Extract the records in full, leaving every picture out.

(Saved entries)
============================================================
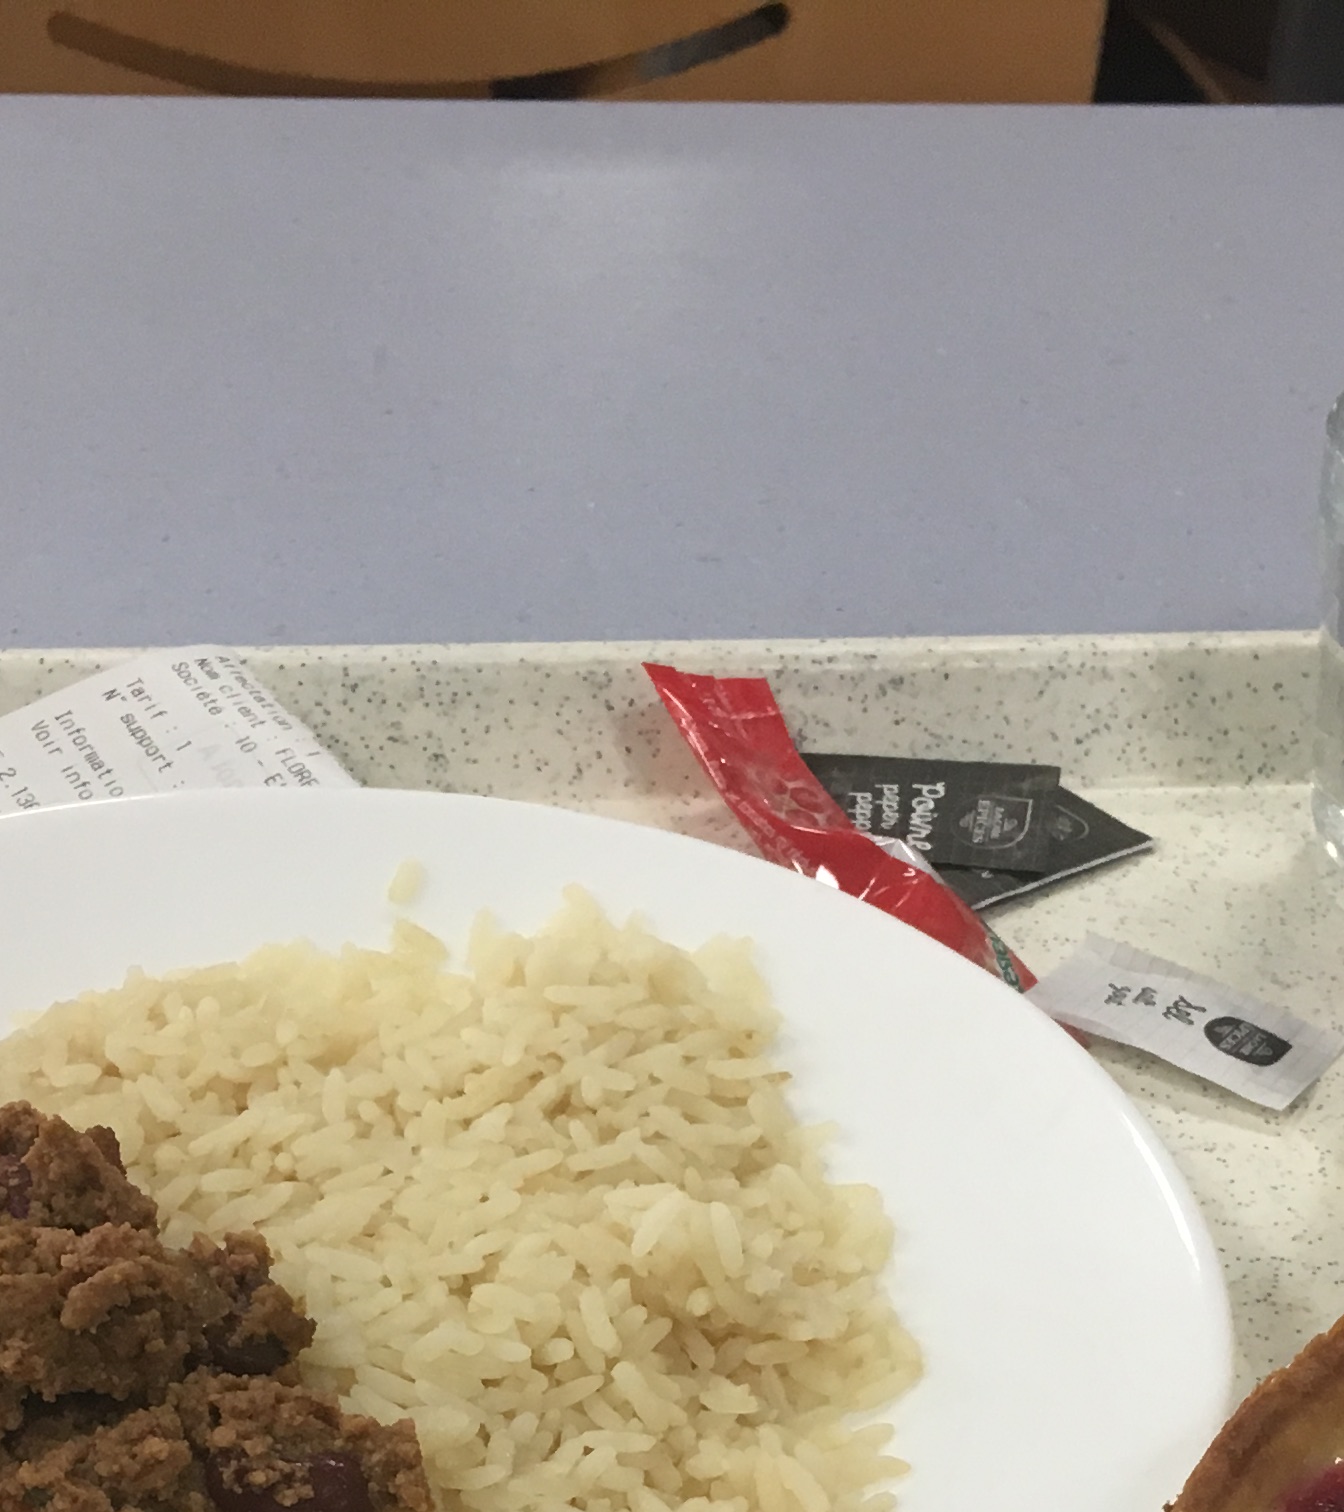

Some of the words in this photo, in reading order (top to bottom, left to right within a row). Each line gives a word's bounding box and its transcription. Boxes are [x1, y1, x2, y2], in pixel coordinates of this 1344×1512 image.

[101, 687, 129, 702] N°
[119, 712, 175, 774] support
[125, 676, 169, 720] Tarif
[171, 661, 224, 717] Société
[235, 735, 258, 754] 10
[194, 657, 222, 681] Nom
[218, 684, 267, 729] client
[30, 719, 64, 755] Voir
[60, 765, 95, 801] info
[53, 709, 125, 798] Informatio
[873, 783, 901, 830] peper
[905, 781, 946, 851] Poivre
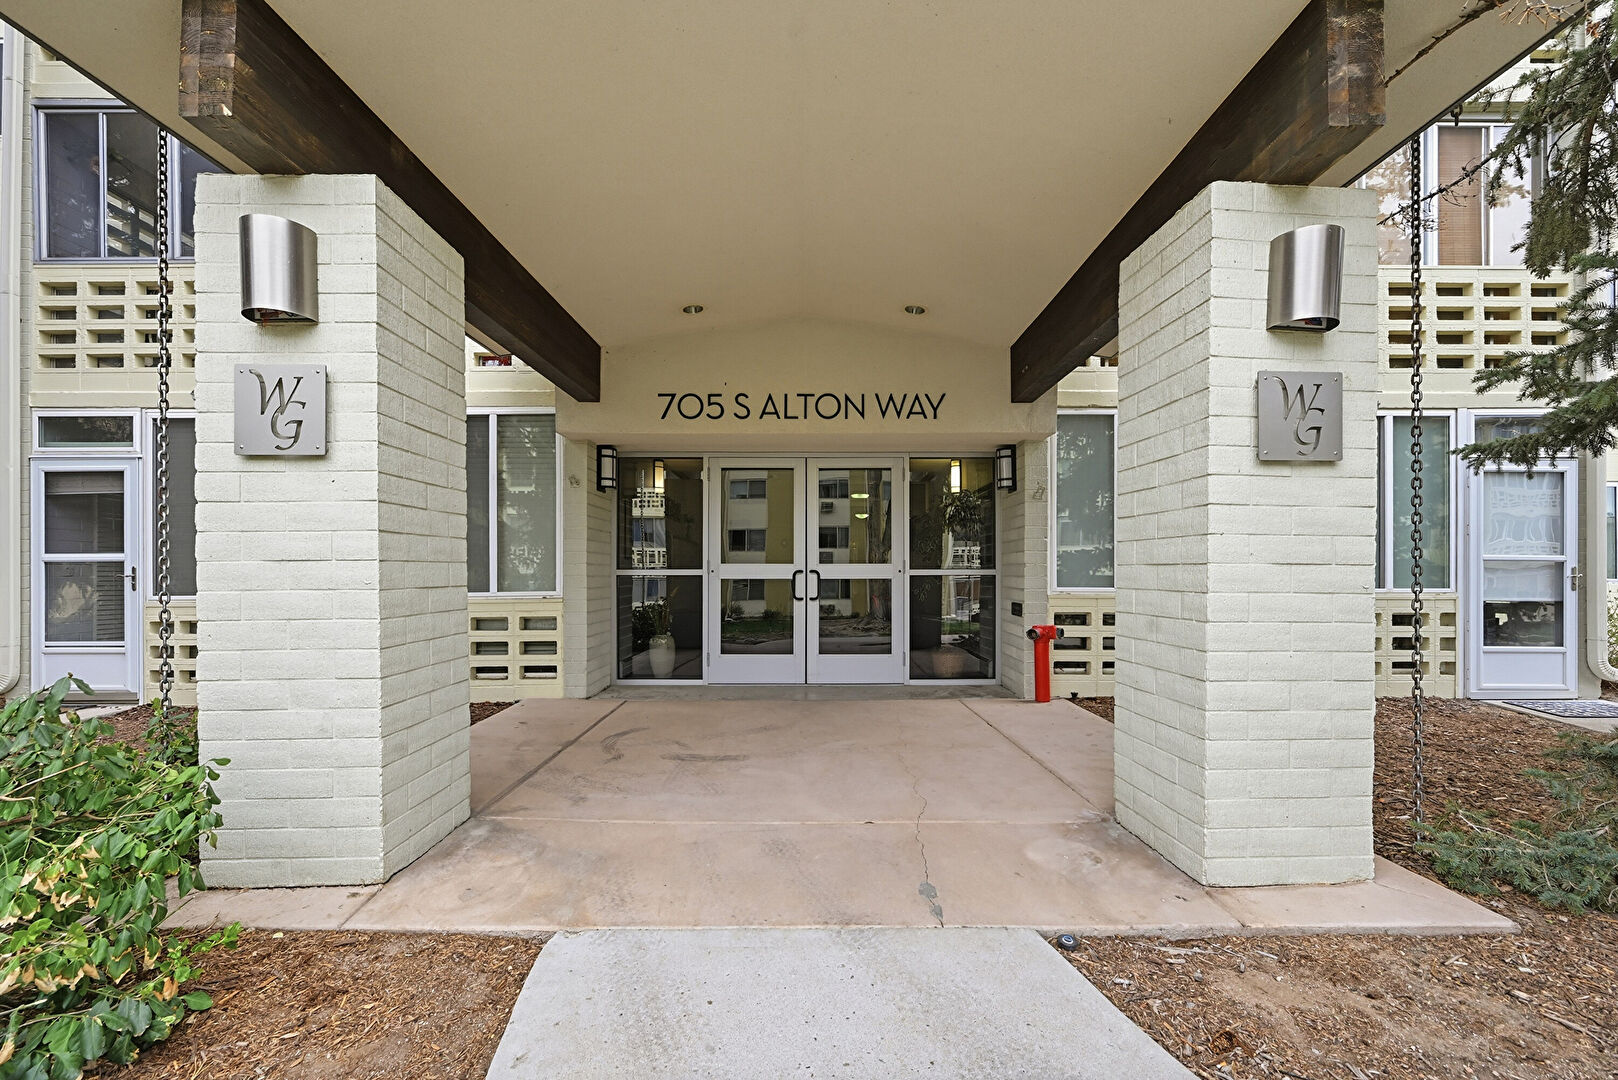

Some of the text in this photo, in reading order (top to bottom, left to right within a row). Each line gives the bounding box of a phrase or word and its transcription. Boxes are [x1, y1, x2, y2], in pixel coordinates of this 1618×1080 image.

[657, 392, 946, 420] 705 S ALTON WAY
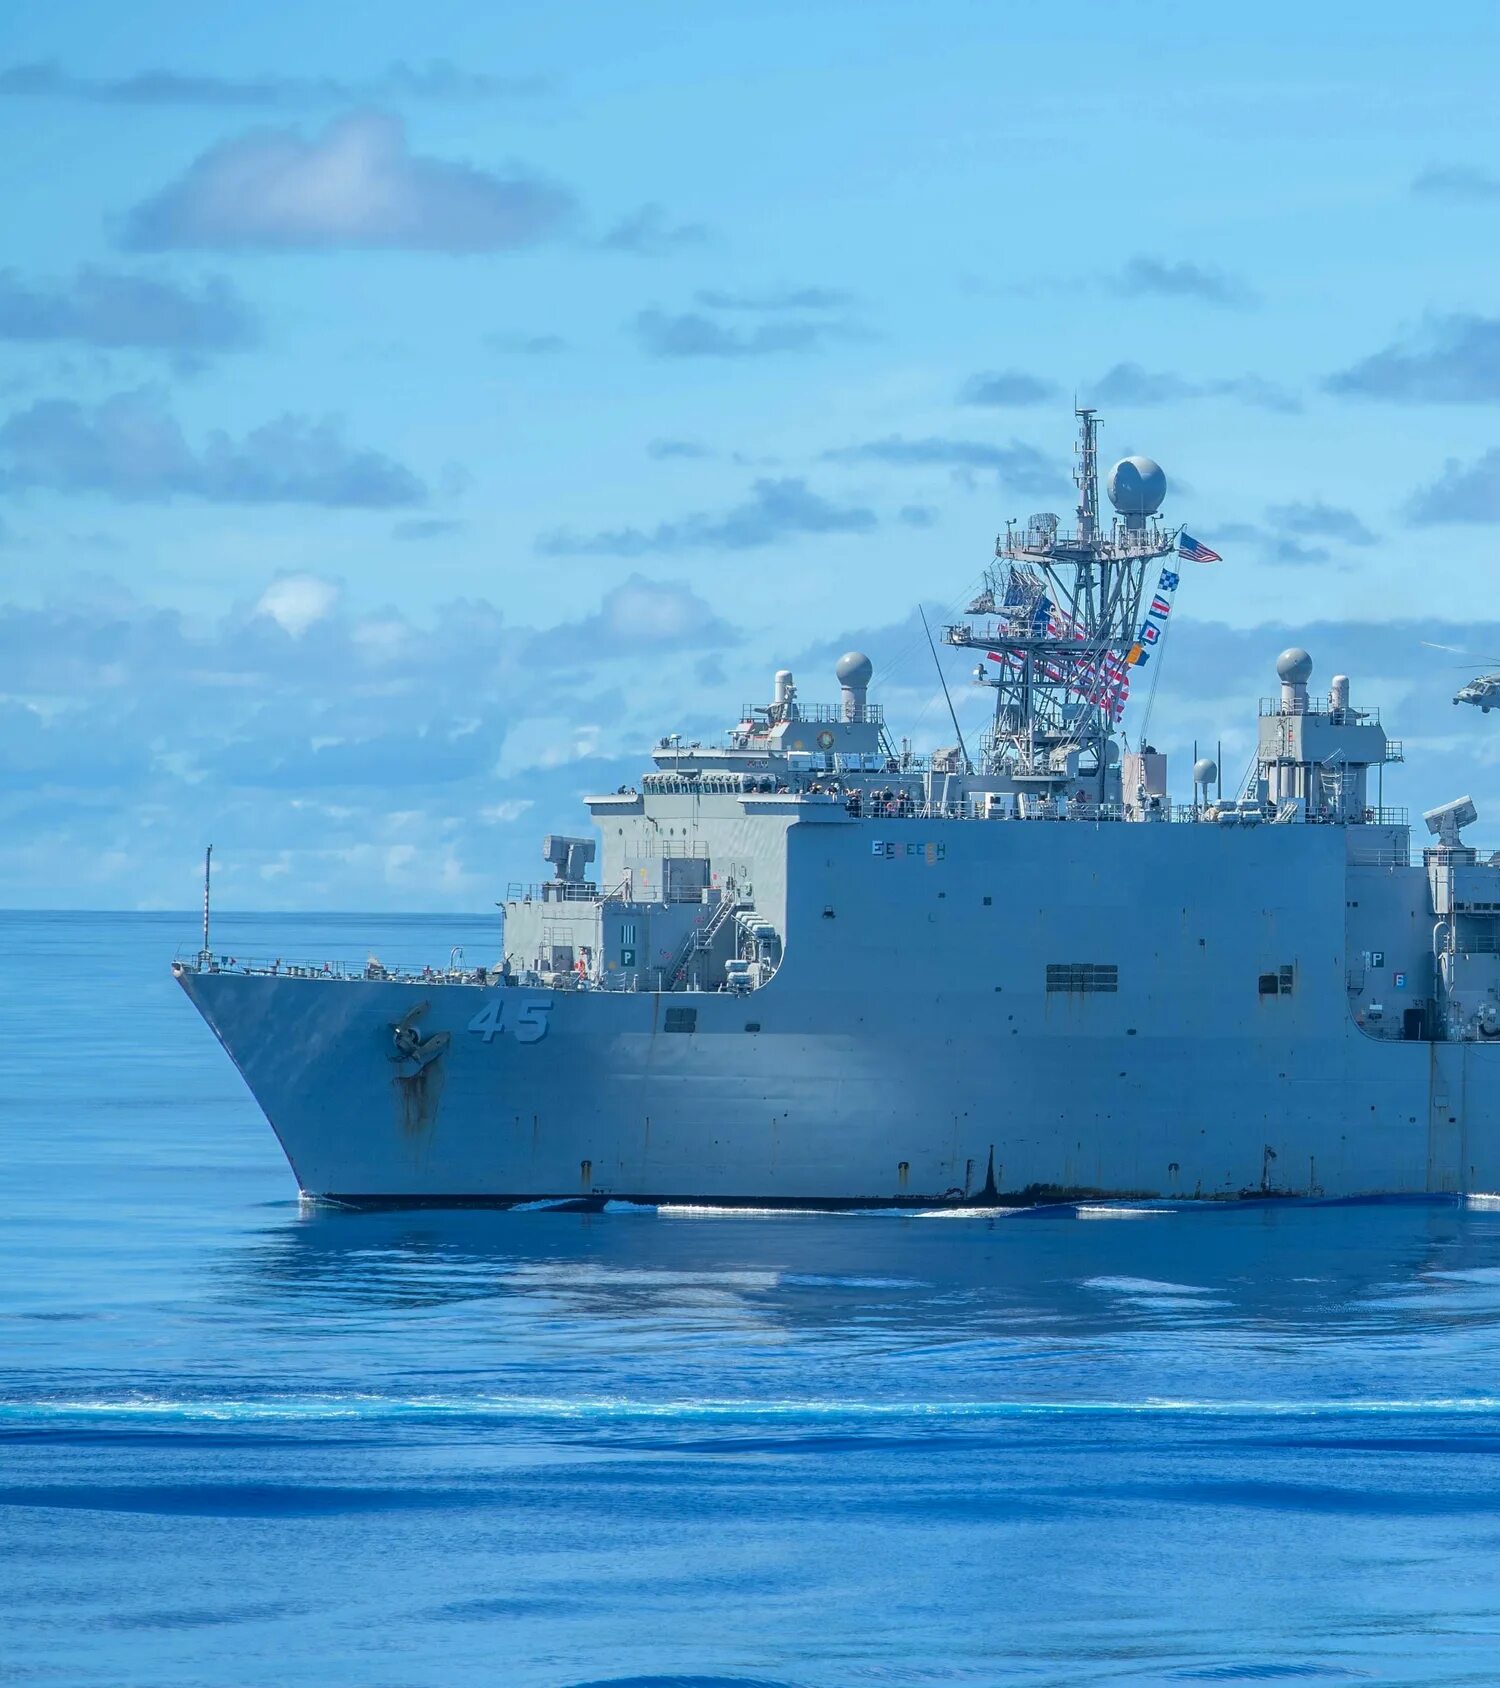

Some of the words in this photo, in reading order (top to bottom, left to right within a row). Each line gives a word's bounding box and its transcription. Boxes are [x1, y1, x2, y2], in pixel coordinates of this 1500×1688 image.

[624, 951, 632, 964] P
[1373, 953, 1383, 966] P
[467, 999, 554, 1045] 45
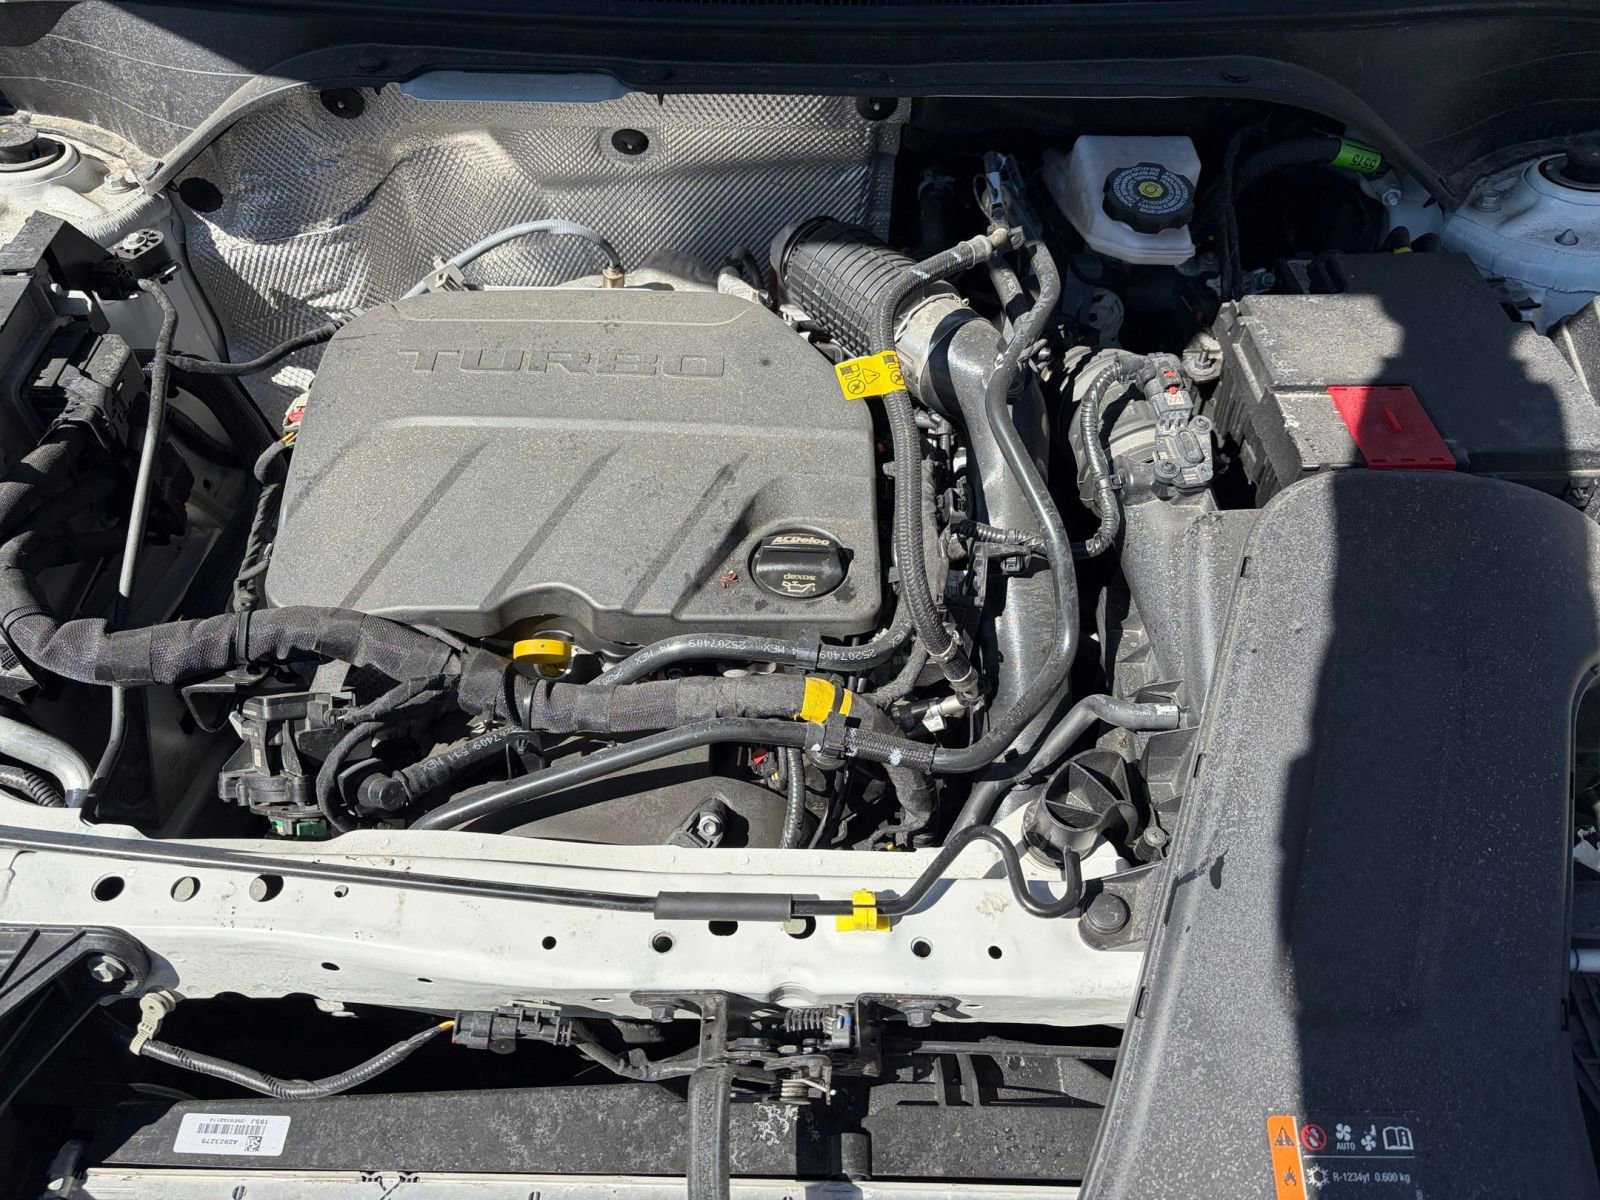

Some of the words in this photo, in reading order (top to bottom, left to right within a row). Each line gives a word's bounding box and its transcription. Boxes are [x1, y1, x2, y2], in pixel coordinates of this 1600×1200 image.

[399, 349, 725, 379] TURBO
[770, 536, 830, 546] ACDelco
[688, 639, 746, 650] 25207409
[888, 630, 906, 647] MEX
[763, 644, 785, 654] MEX
[819, 648, 877, 661] 25207409
[634, 649, 654, 665] MEX
[1336, 1142, 1356, 1151] AUTO
[1374, 1172, 1397, 1182] 0.600
[1399, 1172, 1411, 1184] kg
============================================================
_EXERCISE OUTPUT_
Some of the words in this photo, in reading order (top to bottom, left to right within a row). Each line gives a word's bounding box and its transcription. Boxes are [x1, y1, x2, y2], in pixel coordinates of this 1344×1512 image.

[101, 687, 129, 702] N°
[119, 712, 175, 774] support
[125, 676, 169, 720] Tarif
[171, 661, 224, 717] Société
[235, 735, 258, 754] 10
[194, 657, 222, 681] Nom
[218, 684, 267, 729] client
[30, 719, 64, 755] Voir
[60, 765, 95, 801] info
[53, 709, 125, 798] Informatio
[873, 783, 901, 830] peper
[905, 781, 946, 851] Poivre

Some of the text in this photo, in reading order (top to bottom, left to right within a row). Each line gives the bounding box of a phrase or word and its transcription. Boxes are [x1, y1, x2, y2], in pixel coordinates of this 1618×1080 image.

[657, 392, 946, 420] 705 S ALTON WAY

Some of the words in this photo, in reading order (top to bottom, left to right within a row). Each line gives a word's bounding box and its transcription. Boxes are [x1, y1, x2, y2], in pixel coordinates of this 1500×1688 image.

[624, 951, 632, 964] P
[1373, 953, 1383, 966] P
[467, 999, 554, 1045] 45

Some of the words in this photo, in reading order (top to bottom, left to right within a row). Each line gives a word's bounding box and its transcription. Boxes are [x1, y1, x2, y2], in pixel coordinates of this 1600×1200 image.

[399, 349, 725, 379] TURBO
[770, 536, 830, 546] ACDelco
[688, 639, 746, 650] 25207409
[888, 630, 906, 647] MEX
[763, 644, 785, 654] MEX
[819, 648, 877, 661] 25207409
[634, 649, 654, 665] MEX
[1336, 1142, 1356, 1151] AUTO
[1374, 1172, 1397, 1182] 0.600
[1399, 1172, 1411, 1184] kg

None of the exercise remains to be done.